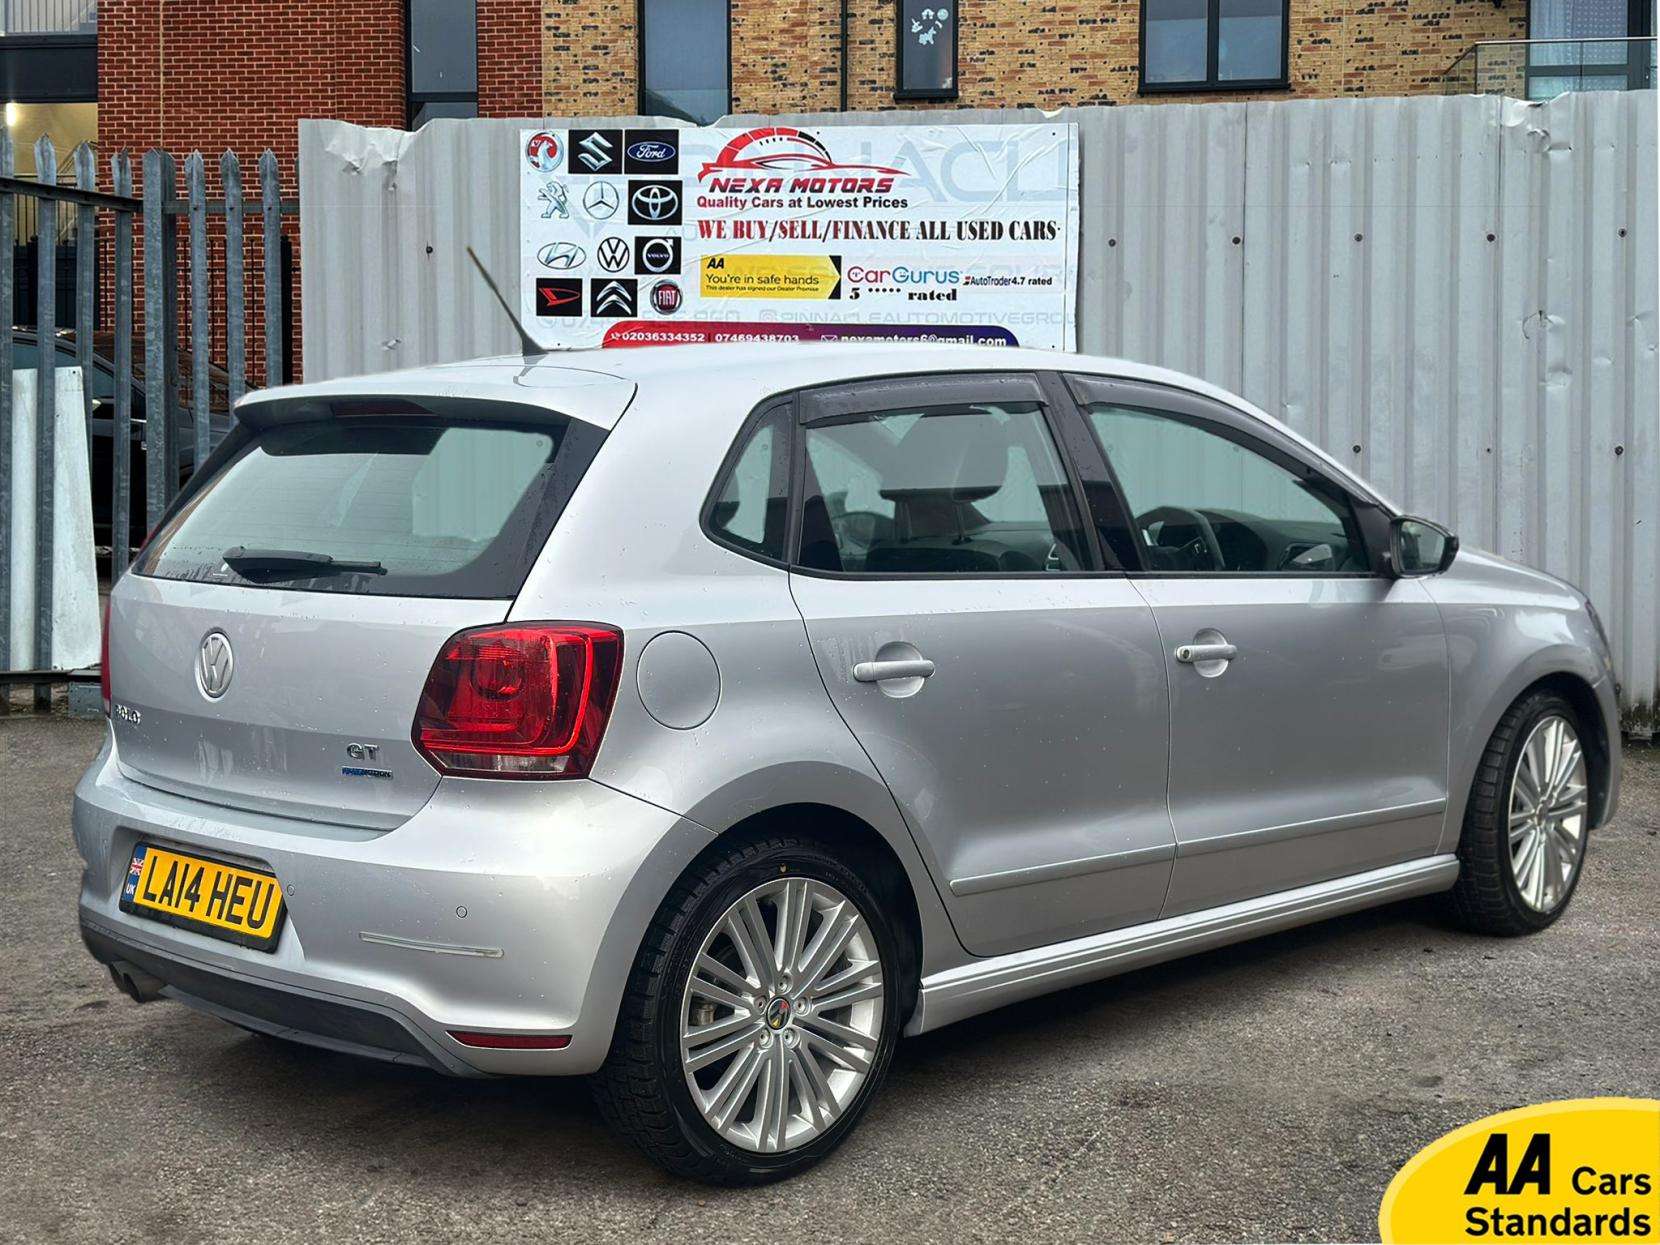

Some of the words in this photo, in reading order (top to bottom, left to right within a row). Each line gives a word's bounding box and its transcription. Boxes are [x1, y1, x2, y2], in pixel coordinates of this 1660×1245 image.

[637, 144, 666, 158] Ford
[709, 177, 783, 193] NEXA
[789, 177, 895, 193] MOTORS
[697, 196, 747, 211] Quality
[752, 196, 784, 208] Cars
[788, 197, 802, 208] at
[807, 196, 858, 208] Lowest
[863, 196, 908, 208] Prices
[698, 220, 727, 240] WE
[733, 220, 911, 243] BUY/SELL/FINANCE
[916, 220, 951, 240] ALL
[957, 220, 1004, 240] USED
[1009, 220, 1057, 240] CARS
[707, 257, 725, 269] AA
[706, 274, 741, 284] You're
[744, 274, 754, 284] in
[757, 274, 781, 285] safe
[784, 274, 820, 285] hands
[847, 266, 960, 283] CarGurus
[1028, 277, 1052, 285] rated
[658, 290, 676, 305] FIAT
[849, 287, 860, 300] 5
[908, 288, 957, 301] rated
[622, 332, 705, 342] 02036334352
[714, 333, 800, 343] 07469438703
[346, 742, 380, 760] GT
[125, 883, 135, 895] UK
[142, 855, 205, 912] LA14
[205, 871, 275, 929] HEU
********************
Skipping the images, write out the whole listing exactly.

Some of the words in this photo, in reading order (top to bottom, left to right within a row). Each line gives a word's bounding box and its transcription. Boxes are [x1, y1, x2, y2], in pixel coordinates of this 1660×1245 image.

[637, 144, 666, 158] Ford
[709, 177, 783, 193] NEXA
[789, 177, 895, 193] MOTORS
[697, 196, 747, 211] Quality
[752, 196, 784, 208] Cars
[788, 197, 802, 208] at
[807, 196, 858, 208] Lowest
[863, 196, 908, 208] Prices
[698, 220, 727, 240] WE
[733, 220, 911, 243] BUY/SELL/FINANCE
[916, 220, 951, 240] ALL
[957, 220, 1004, 240] USED
[1009, 220, 1057, 240] CARS
[707, 257, 725, 269] AA
[706, 274, 741, 284] You're
[744, 274, 754, 284] in
[757, 274, 781, 285] safe
[784, 274, 820, 285] hands
[847, 266, 960, 283] CarGurus
[1028, 277, 1052, 285] rated
[658, 290, 676, 305] FIAT
[849, 287, 860, 300] 5
[908, 288, 957, 301] rated
[622, 332, 705, 342] 02036334352
[714, 333, 800, 343] 07469438703
[346, 742, 380, 760] GT
[125, 883, 135, 895] UK
[142, 855, 205, 912] LA14
[205, 871, 275, 929] HEU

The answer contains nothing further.